Popularly known as the globalisation elephant thanks to its shape, the chart above describes how, between 1988 and 2008 the real incomes of both the world’s richest and poorest people soared. In contrast, lower earners in developed countries saw their real incomes fall. Since then, the global financial crisis and its aftermath have seen average worker real incomes in much of the developed world stagnate. In the UK, average weekly earnings are still significantly (7.7%) below their 2008 peak in inflation-adjusted terms.
We think the chart helps explain why populist politics have taken root in developed markets. If you’re part of that ‘squeezed middle’, globalisation is likely to have been less a force for good and more a source of anxiety over the past three decades. No surprise, then, if people have turned to new political voices in search of solutions. Certainly in the US, President Trump has made clear his desire to put America first – but in other countries too, a shift in grass-roots opinion suggests the developed world’s middle classes are questioning whether free trade is in their best interest.
Yet this kind of rhetoric ignores a fundamental problem, namely the much higher cost of labour in developed markets.

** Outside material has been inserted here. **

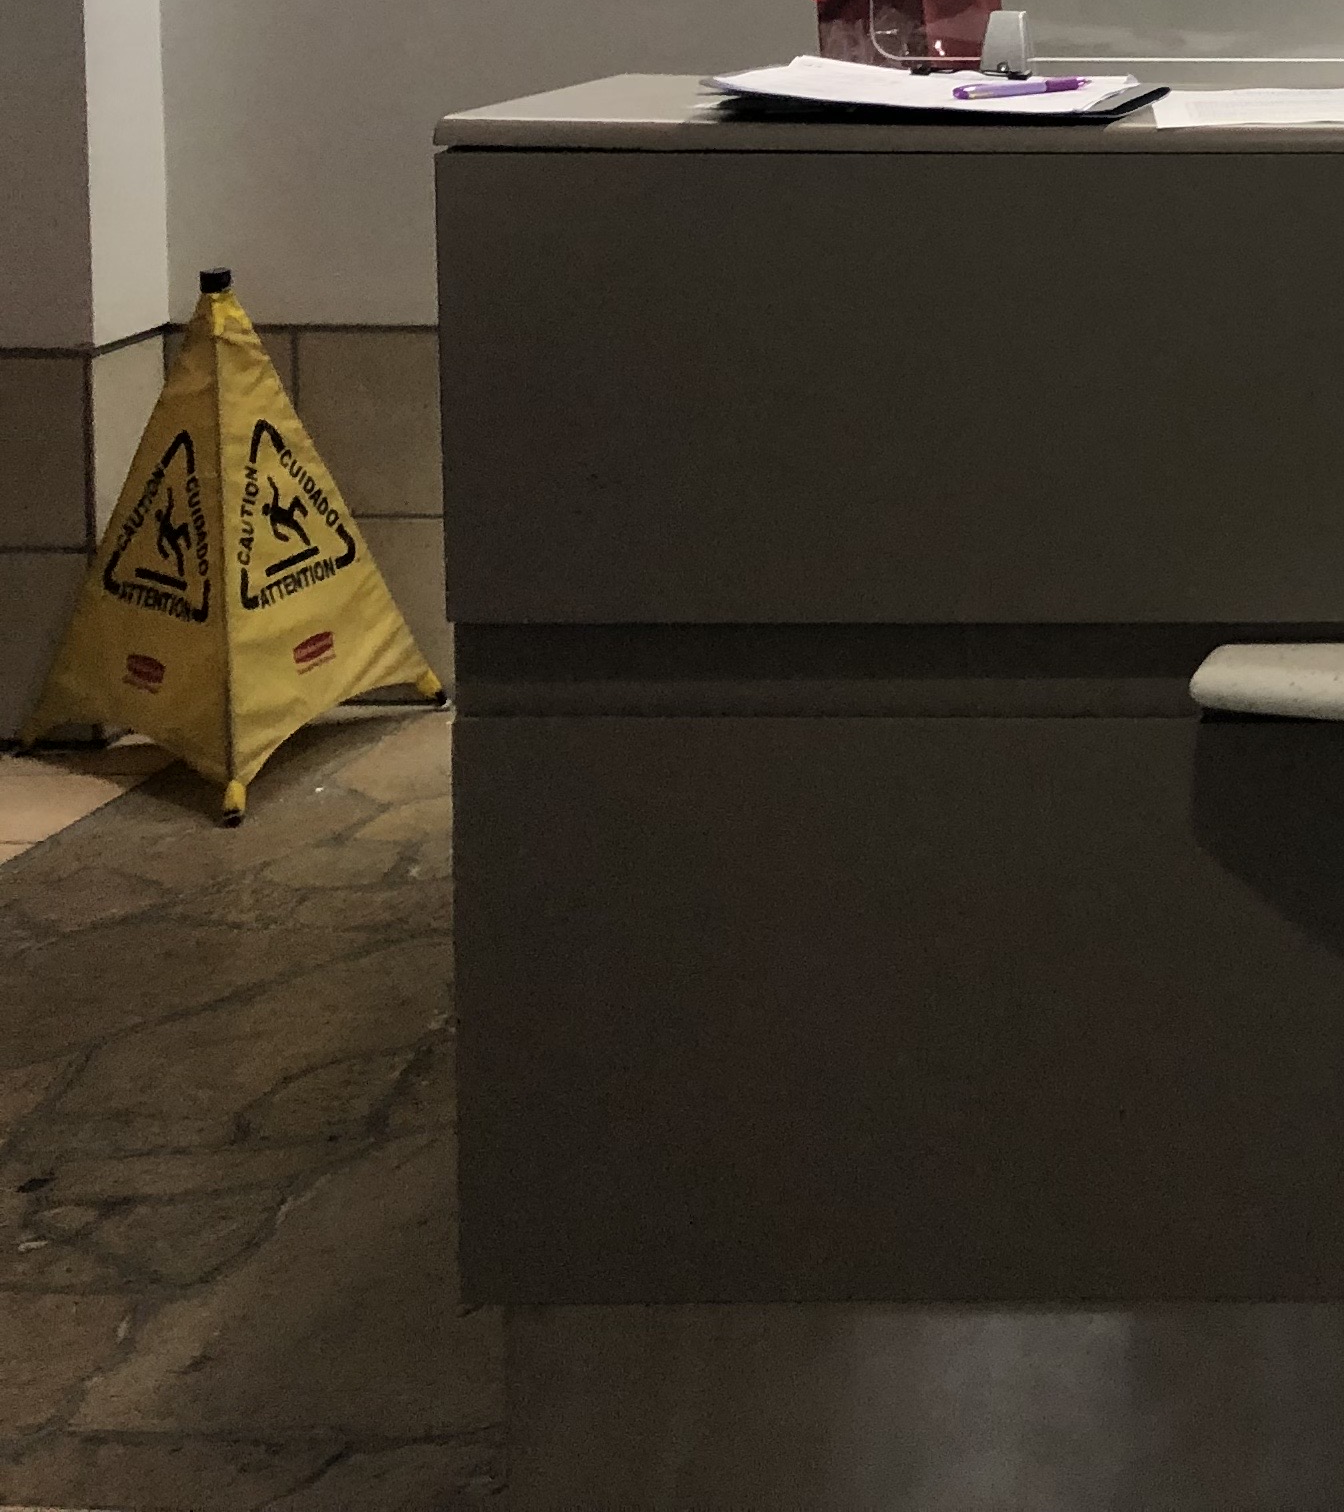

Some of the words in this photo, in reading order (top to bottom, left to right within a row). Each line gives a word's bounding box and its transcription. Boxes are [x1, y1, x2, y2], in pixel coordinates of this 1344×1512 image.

If more tariffs were put in place in the US, for example, this would just increase the cost of these goods for US consumers. And even if some manufacturing production were re-shored, this would likely be automated to a very high degree with few additional jobs created. Finally, given the potential for retaliatory measures from other countries, we think any rise in protectionism would be a lose/lose situation, with a very real possibility of higher inflation and lower GDP growth.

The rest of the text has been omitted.